[caption id="attachment_404369" align="aligncenter" width="546" caption="Foto dari kompas.com"][/caption]
"PSK juga manusia"
Kalimat tersebut dikatakan oleh seorang perempuan pemuas nafsu syahwat om-om penyuka daun muda di ibukota. Perempuan ini biasa disebut PSK, yang saya temui minggu lalu di Social House (Soho) Grand Indonesia East Mall lantai 1 Jakarta, untuk keperluan wawancara, karena Saya tertarik untuk melakukan penelitian kecil-kecilan sebagai bahan pembuatan buku "Jakarta Untold Story" tentang kehidupan PSK Ayam Kampus di Jakarta. Buku ini saya perkirakan bakal lebih sukses dari buku "Jakarta Undercover" yang ditulis Moamar Emka.
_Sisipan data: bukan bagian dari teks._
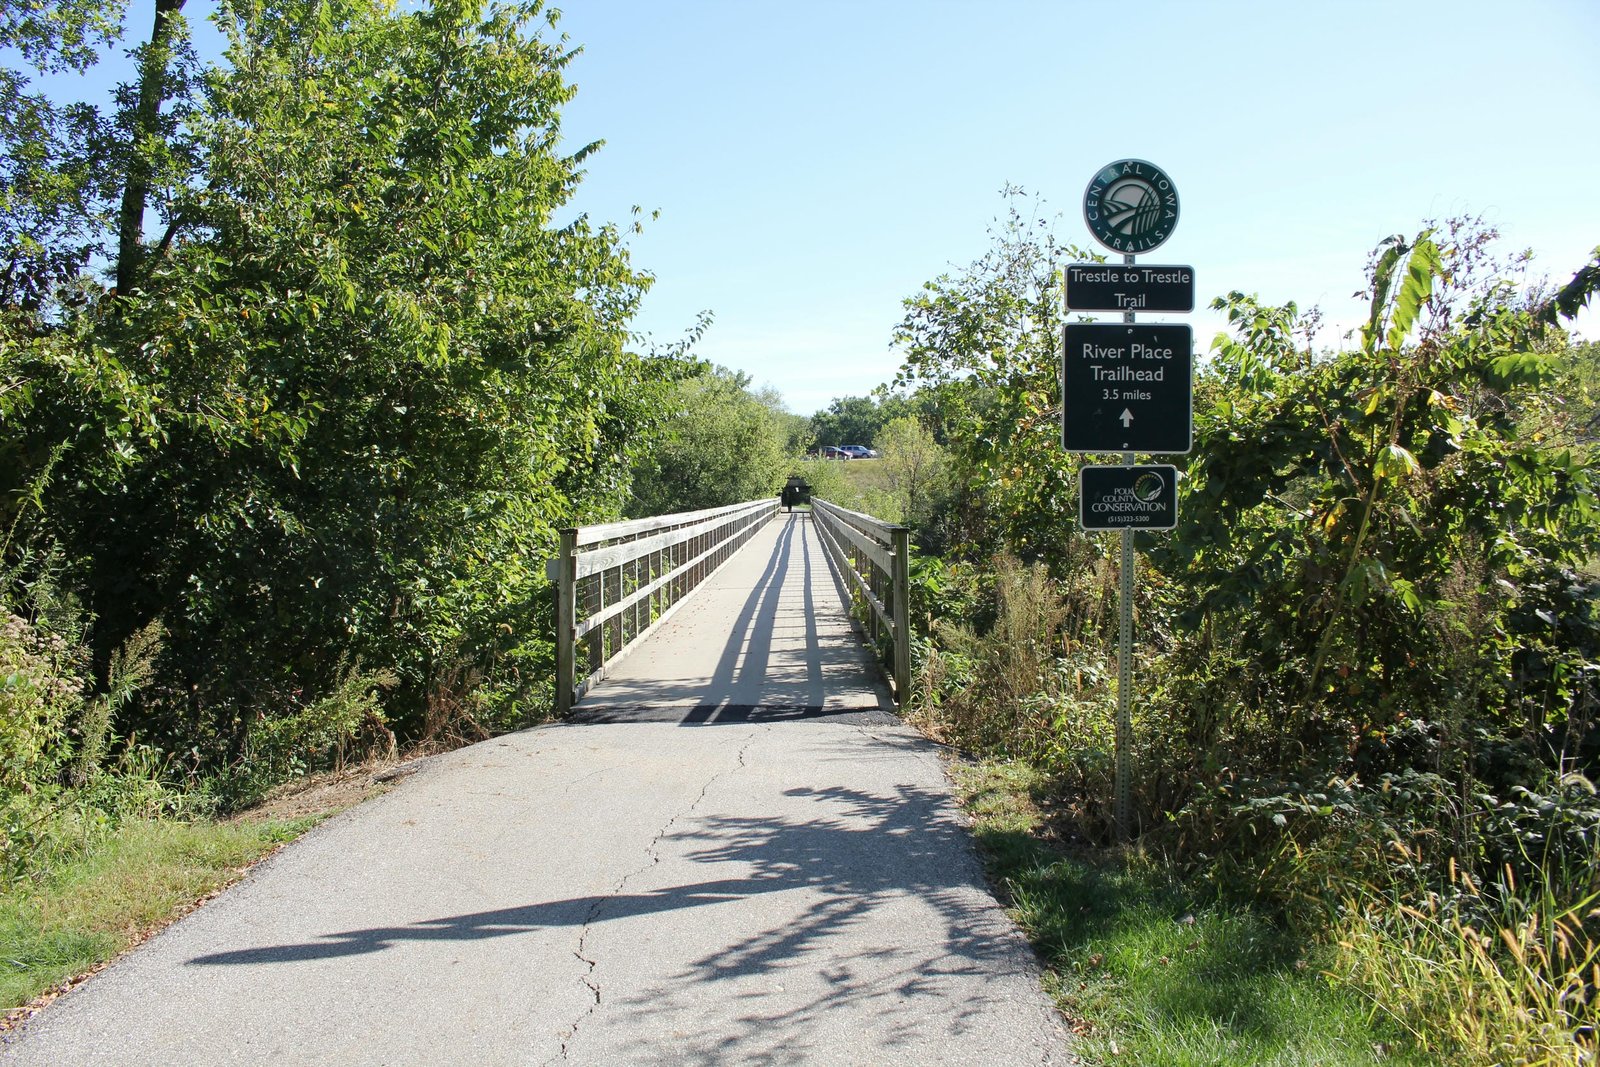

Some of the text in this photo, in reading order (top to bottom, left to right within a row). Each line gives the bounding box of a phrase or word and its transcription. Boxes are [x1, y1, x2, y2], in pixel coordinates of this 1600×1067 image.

[1088, 164, 1176, 221] CENTRAL IOWA
[1103, 231, 1164, 251] TRAILS
[1071, 269, 1189, 283] Trestle to Trestle
[1114, 293, 1145, 307] Trail
[1083, 343, 1172, 359] River Place
[1090, 366, 1163, 381] Trailhead
[1103, 389, 1151, 400] 3.5 miles
[1092, 502, 1166, 512] CONSERVATION
Singkat kata singkat cerita, setelah cipika, cipiki, cining dan cibir, saya memanggil waiter untuk memesan makanan dan minuman. Sebelumnya saya bertanya ke Dina, PSK ayam kampus yang kampusnya di daerah Selatan Jakarta "Adik mau pesan makan apa? Minum apa?" Sambil menyulut sebatang rokok marlboro menthol ke korek Zippo menyala yang saya sodorkan mendekatinya, Dina menjawab "Aku makan samain aja ama mas, minumnya teh botol sosro."
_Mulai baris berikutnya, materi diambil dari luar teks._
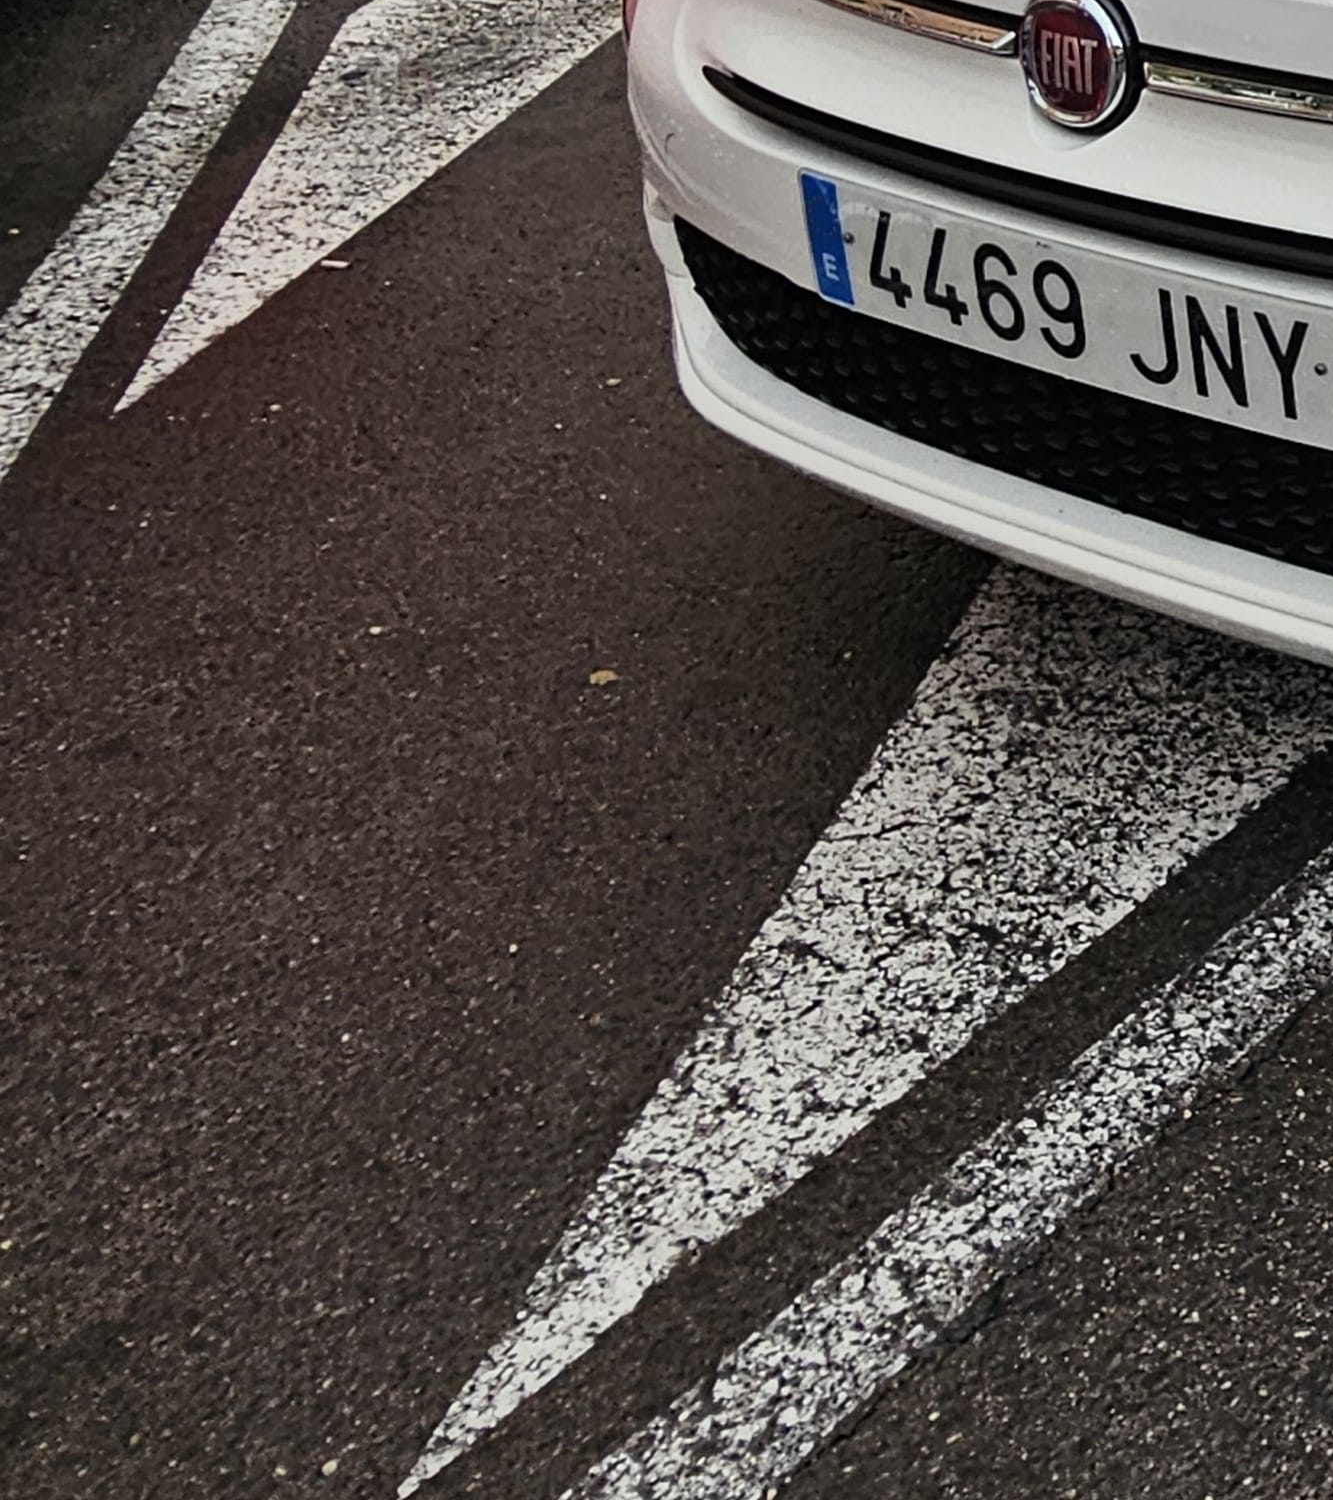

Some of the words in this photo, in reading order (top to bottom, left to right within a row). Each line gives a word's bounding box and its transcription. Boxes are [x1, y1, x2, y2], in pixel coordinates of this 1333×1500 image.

Sambil pesan makanan dan minuman, saya ngobrol sebentar dengan waiter :
P : mas, saya pesan steak sirloin, masak welldone yah.
W : baik pak. Sepertinya bapak sudah makan steak mentah yah (mata melirik ke gadis di sebelahku), makanya pesannya yang mateng. Lokal atau impor pak dagingnya?
P : enak mana mas, lokal atau impor? Kalo impor pasti lebih mahal kan?
W : harga mahalan impor pak, tapi kalo rasa tergantung selera.
P : kira-kira selera saya gimana mas?
W : maaf yah pak, dilihat dari tongkrongan bapak. Selera bapak pasti bagus. Bapak lebih cocok daging impor saja.